An AI-powered research analysis agent that automates academic paper discovery, analysis, and literature review generation. Give it a research topic and get back a structured report with relevant papers, identified research gaps, and proposed directions.
- Multi-Source Discovery - Searches Semantic Scholar and arXiv simultaneously with deduplication
- LLM-Powered Analysis - Uses Google Gemini for query expansion, paper analysis, gap detection, and feasibility evaluation
- Vector-Based Ranking - Embeds paper abstracts with Gemini embeddings (768-dim) and re-ranks with LLM scoring
- PDF Processing - Downloads and parses PDFs via GROBID (TEI XML extraction) with graceful fallback to abstracts
- Research Gap Detection - Identifies unexplored areas, conflicting results, and limitations across papers
- Feasibility Scoring - Evaluates research directions on difficulty, cost, industry viability, and time-to-MVP
- Real-Time Progress - Server-Sent Events (SSE) streaming for live pipeline status updates
- Multi-Format Output - Generates Markdown reports, BibTeX references, and structured JSON
# 1. Clone the repo
git clone https://github.com/your-username/paper-scout.git
cd paper-scout
# 2. Set up environment
cp .env.example .env
# Edit .env and add your Gemini API key:
# LLM__API_KEY=your_gemini_api_key_here
# 3. Start all services
docker compose up -d
# 4. Start a research query
curl -X POST http://localhost:8080/api/v1/research \
-H "Content-Type: application/json" \
-d '{"topic": "transformer architectures for time series forecasting"}'INPUT: Research Topic
│
▼
┌──────────────────┐
│ 1. Query │ SYNCHRONOUS
│ Expansion │ LLM expands topic into search queries, concepts, keywords
└────────┬─────────┘
│
▼
┌──────────────────┐
│ 2. Paper │ SYNCHRONOUS
│ Discovery │ Search Semantic Scholar + arXiv, deduplicate
└────────┬─────────┘
│
▼
┌──────────────────┐
│ 3. Ranking │ SYNCHRONOUS
│ │ Embed abstracts, cosine similarity, LLM re-rank top 50
└────────┬─────────┘
│
▼
┌──────────────────┐
│ 4. Paper │ ASYNC (Worker Pool)
│ Analysis │ Download PDFs via GROBID, LLM extracts structured data
└────────┬─────────┘
│
▼
┌──────────────────┐
│ 5. Gap │ SYNCHRONOUS
│ Detection │ Cross-paper analysis identifies research gaps
└────────┬─────────┘
│
▼
┌──────────────────┐
│ 6. Feasibility │ SYNCHRONOUS
│ Evaluation │ Score each gap on difficulty, cost, viability
└────────┬─────────┘
│
▼
┌──────────────────┐
│ 7. Report │ SYNCHRONOUS
│ Generation │ Assemble Markdown report + BibTeX references
└────────┬─────────┘
│
▼
OUTPUT: Complete Research Report
- Circuit breaker on all external APIs (Gemini, Semantic Scholar, arXiv)

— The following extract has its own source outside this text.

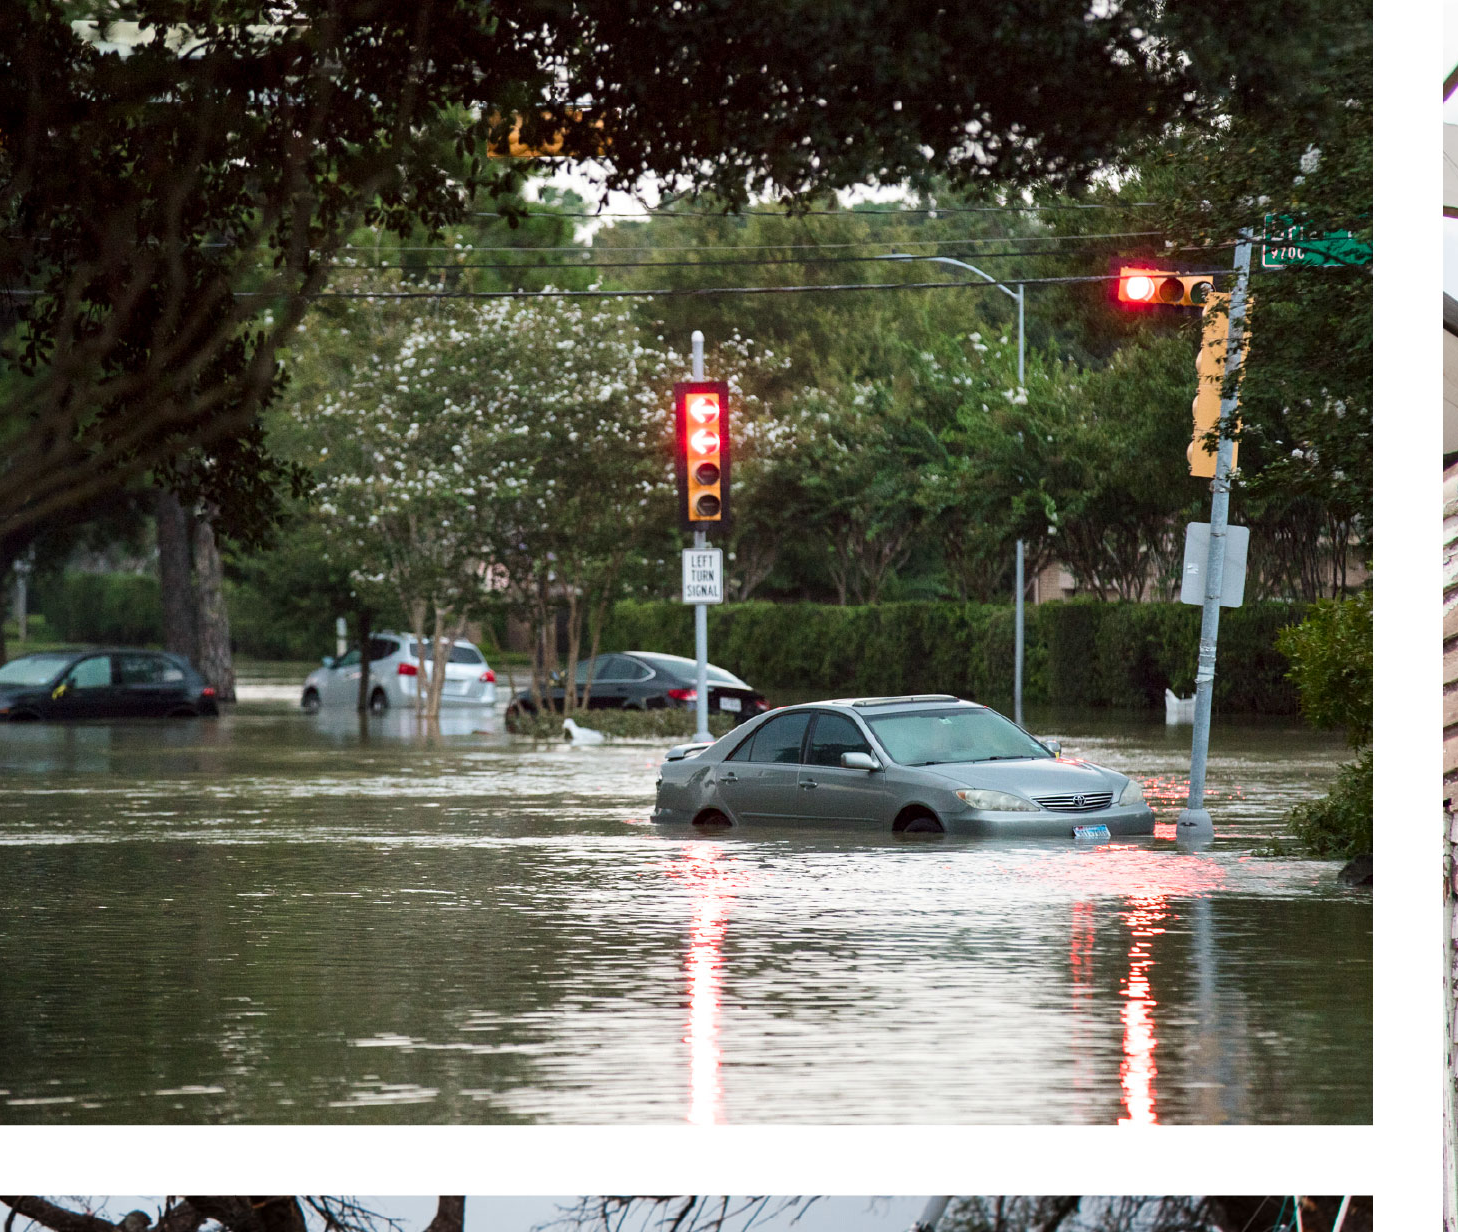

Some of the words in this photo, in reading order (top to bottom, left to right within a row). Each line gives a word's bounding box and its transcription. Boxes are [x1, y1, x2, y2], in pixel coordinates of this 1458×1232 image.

[691, 555, 712, 568] LEFT
[691, 569, 714, 582] TURN
[687, 584, 719, 597] SIGNAL

- Token bucket rate limiting per API
- Exponential backoff with jitter for retries
- Graceful degradation (PDF parse failure falls back to abstracts; LLM rerank failure falls back to embedding scores)
- Discovery retry with 3 query levels (full, broad, minimal)
Base URL: http://localhost:8080
| Method | Path | Description |
|---|---|---|
POST |
/api/v1/research |
Start research pipeline |
GET |
/api/v1/research/:id |
Get full research result |
GET |
/api/v1/research/:id/status |
Get pipeline status only |
GET |
/api/v1/research/:id/stream |
SSE stream for real-time updates |
GET |
/api/v1/research/:id/report |
Download Markdown report |
GET |
/api/v1/research/:id/bibtex |
Download BibTeX references |
GET |
/health |
Health check |
curl -X POST http://localhost:8080/api/v1/research \
-H "Content-Type: application/json" \
-d '{"topic": "large language models for code generation"}'Response:
{
"topic_id": "550e8400-e29b-41d4-a716-446655440000",
"status": "pending",
"message": "Research started"
}curl http://localhost:8080/api/v1/research/{topic_id}/streamEvents:
event: status
data: {"stage": "query_expansion", "progress": 0.05}
event: status
data: {"stage": "paper_discovery", "progress": 0.15}
| Variable | Description |
|---|---|
LLM__API_KEY |
Google Gemini API key |
All defaults are in config/default.yaml. Override via environment variables using __ as delimiter (e.g., LLM__MODEL overrides llm.model).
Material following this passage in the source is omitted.